* The data:
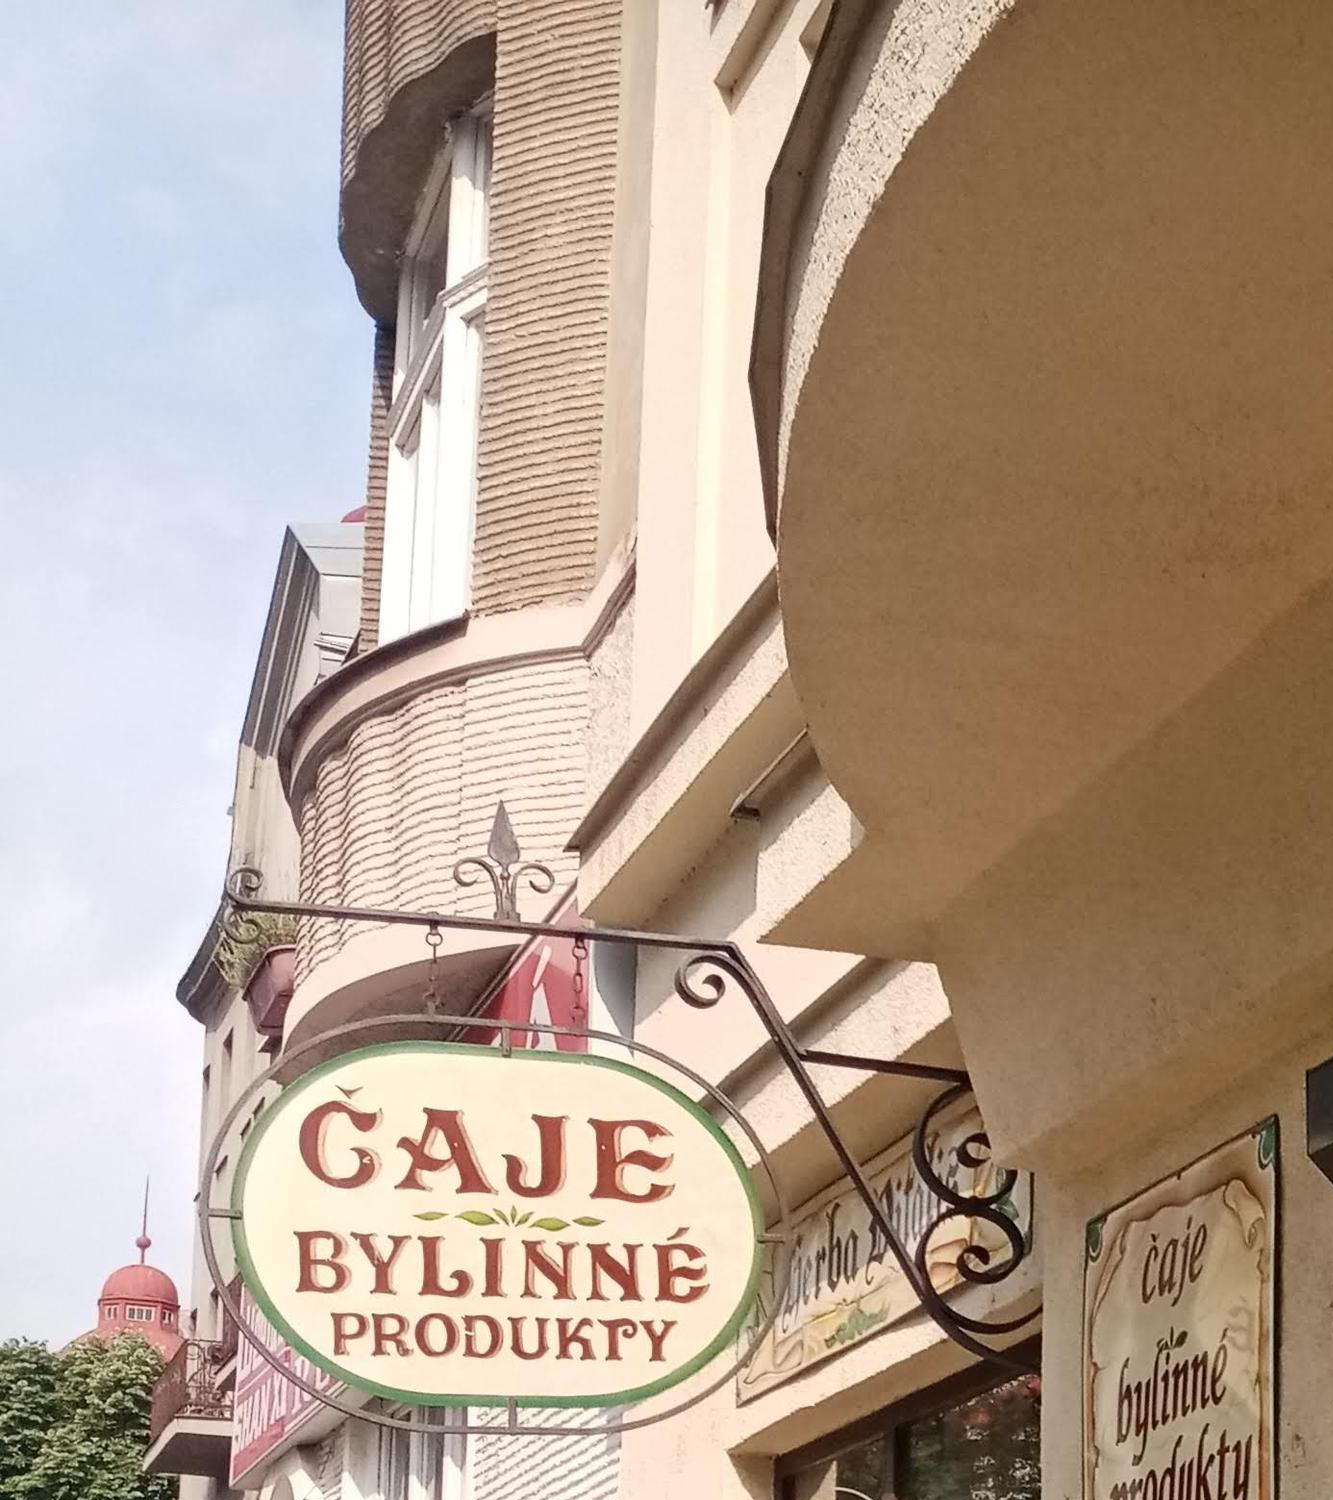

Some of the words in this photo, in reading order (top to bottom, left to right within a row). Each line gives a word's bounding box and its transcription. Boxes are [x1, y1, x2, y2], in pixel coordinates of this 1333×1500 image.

[299, 1084, 675, 1203] ČAJE
[294, 1227, 710, 1303] BYLINNÉ
[1142, 1216, 1206, 1307] čaje
[331, 1312, 677, 1362] PRODUKTY
[1116, 1328, 1228, 1466] bylinné

* Your instructions: Return the lines of the data above in full and exactly, with no pictures.

* Solution to this task:
Some of the words in this photo, in reading order (top to bottom, left to right within a row). Each line gives a word's bounding box and its transcription. Boxes are [x1, y1, x2, y2], in pixel coordinates of this 1333×1500 image.

[299, 1084, 675, 1203] ČAJE
[294, 1227, 710, 1303] BYLINNÉ
[1142, 1216, 1206, 1307] čaje
[331, 1312, 677, 1362] PRODUKTY
[1116, 1328, 1228, 1466] bylinné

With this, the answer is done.